Listed entries -
____________________

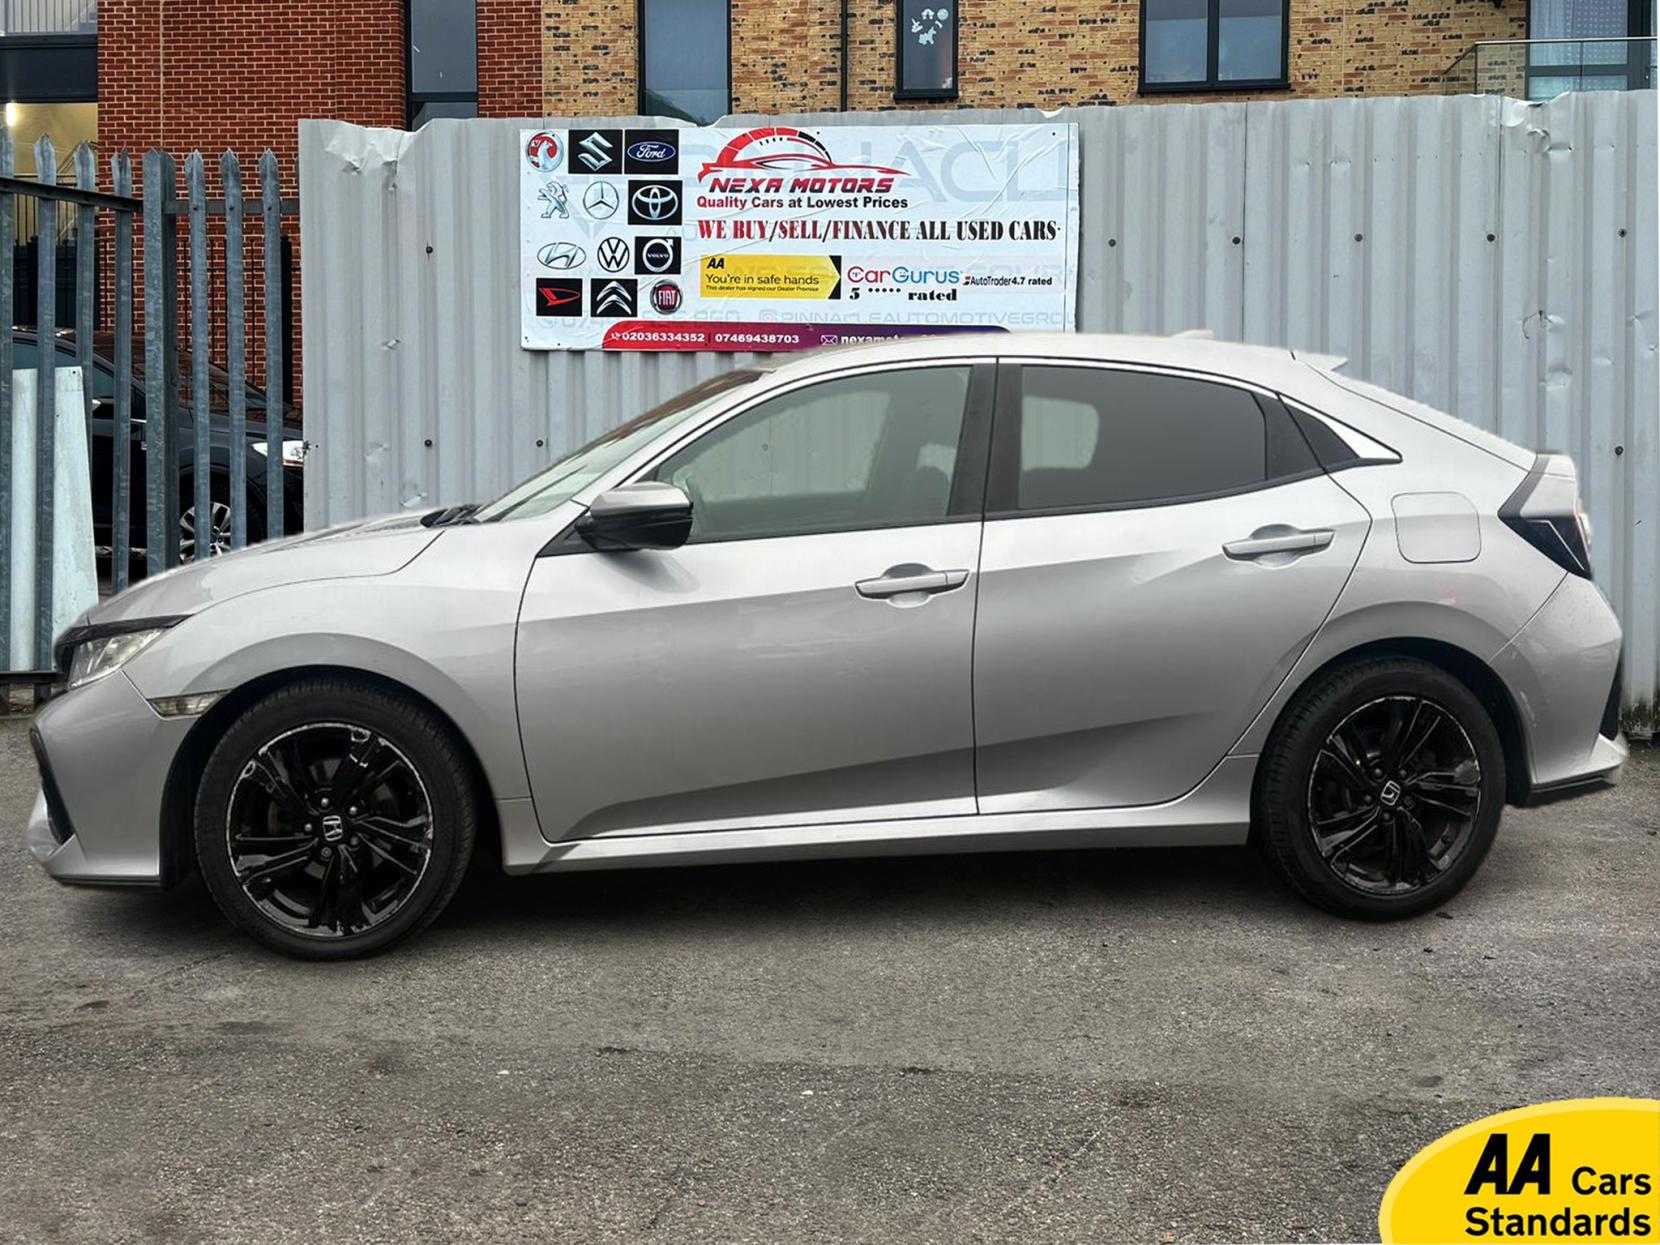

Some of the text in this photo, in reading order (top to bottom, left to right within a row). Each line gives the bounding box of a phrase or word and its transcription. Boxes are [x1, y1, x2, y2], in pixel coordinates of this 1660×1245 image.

[636, 144, 666, 159] Ford
[709, 178, 894, 193] NEXA MOTORS
[697, 196, 908, 210] Quality Cars at Lowest Prices
[698, 220, 727, 239] WE
[916, 220, 950, 240] ALL
[957, 220, 1003, 240] USED
[1009, 220, 1057, 240] CARS
[707, 257, 725, 269] AA
[706, 273, 820, 285] You're in safe hands
[848, 266, 960, 284] CarGurus
[1028, 277, 1052, 286] rated
[658, 290, 676, 306] FIAT
[849, 288, 957, 301] 5 rated
[622, 332, 799, 344] 02036334352 07469438703
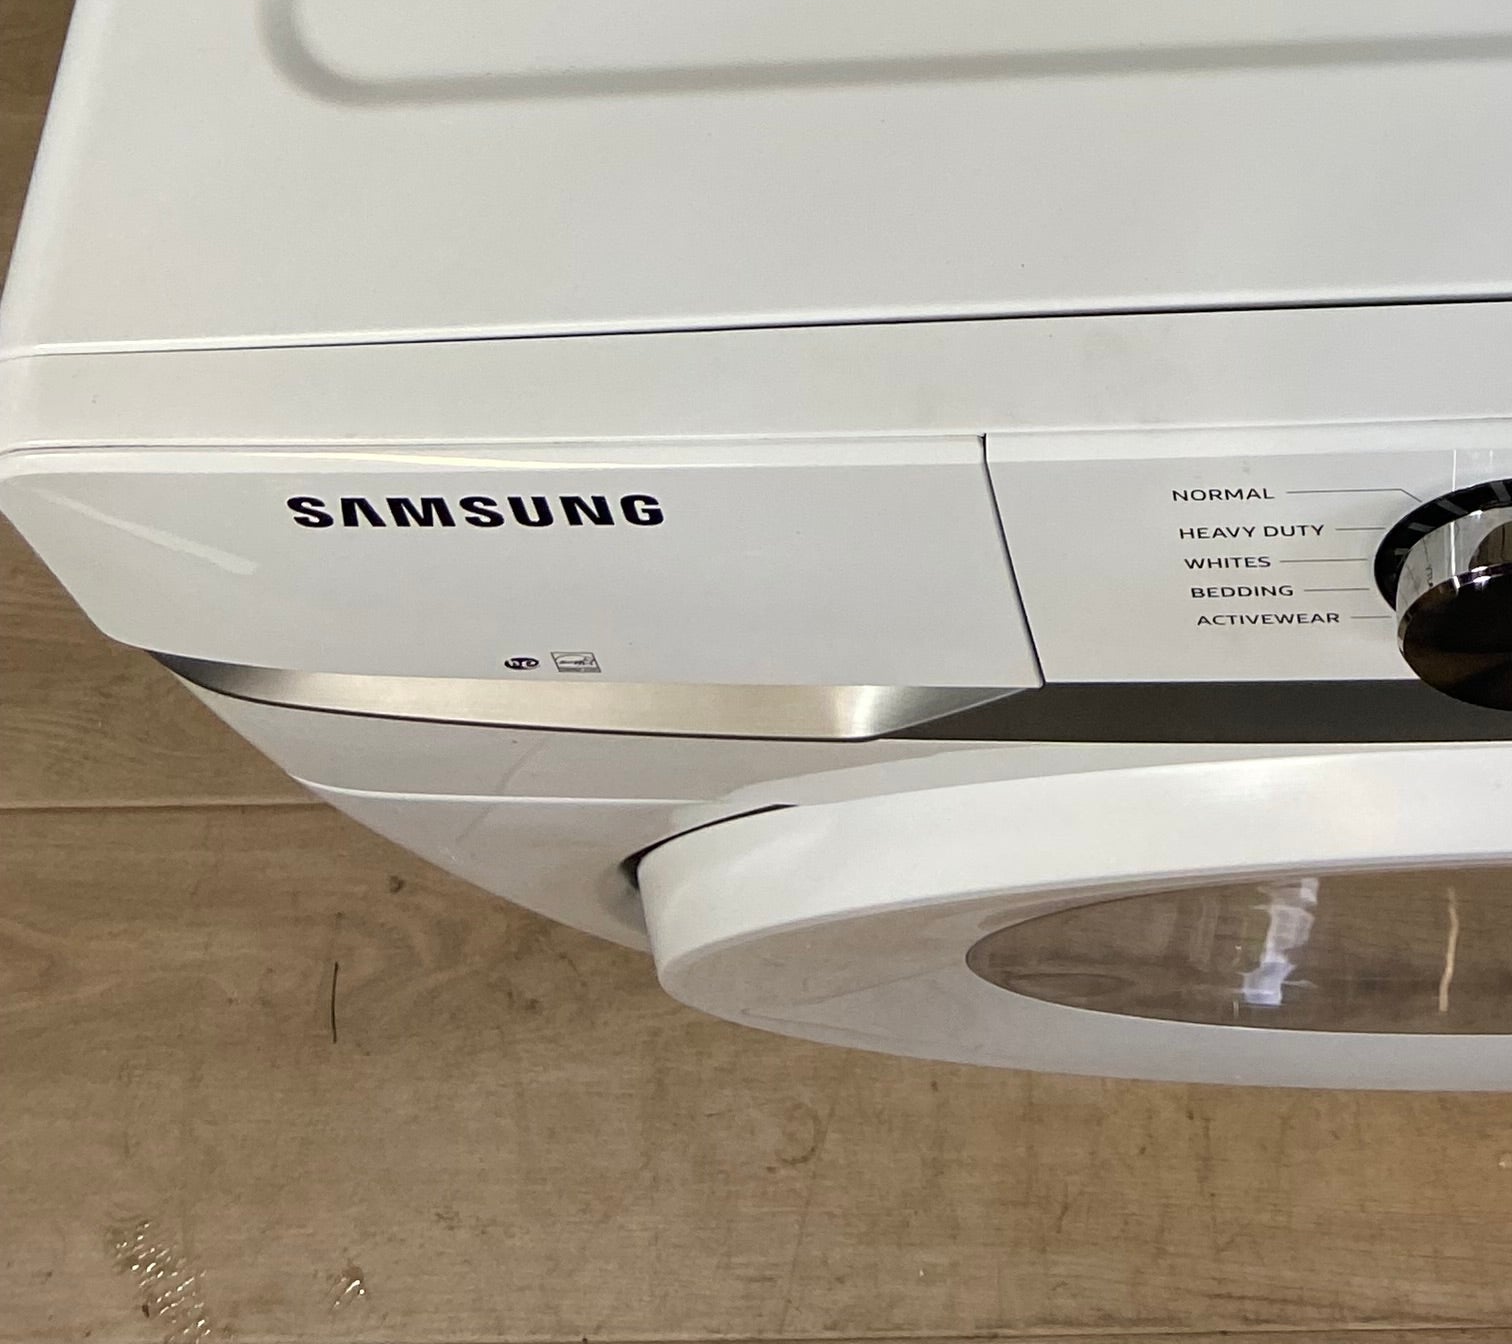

____________________

What the exercise asks - The reply is to be all the records above, transcribed exactly, with no pictures.

Completed exercise -
Some of the text in this photo, in reading order (top to bottom, left to right within a row). Each line gives the bounding box of a phrase or word and its transcription. Boxes are [x1, y1, x2, y2], in pixel coordinates of this 1660×1245 image.

[636, 144, 666, 159] Ford
[709, 178, 894, 193] NEXA MOTORS
[697, 196, 908, 210] Quality Cars at Lowest Prices
[698, 220, 727, 239] WE
[916, 220, 950, 240] ALL
[957, 220, 1003, 240] USED
[1009, 220, 1057, 240] CARS
[707, 257, 725, 269] AA
[706, 273, 820, 285] You're in safe hands
[848, 266, 960, 284] CarGurus
[1028, 277, 1052, 286] rated
[658, 290, 676, 306] FIAT
[849, 288, 957, 301] 5 rated
[622, 332, 799, 344] 02036334352 07469438703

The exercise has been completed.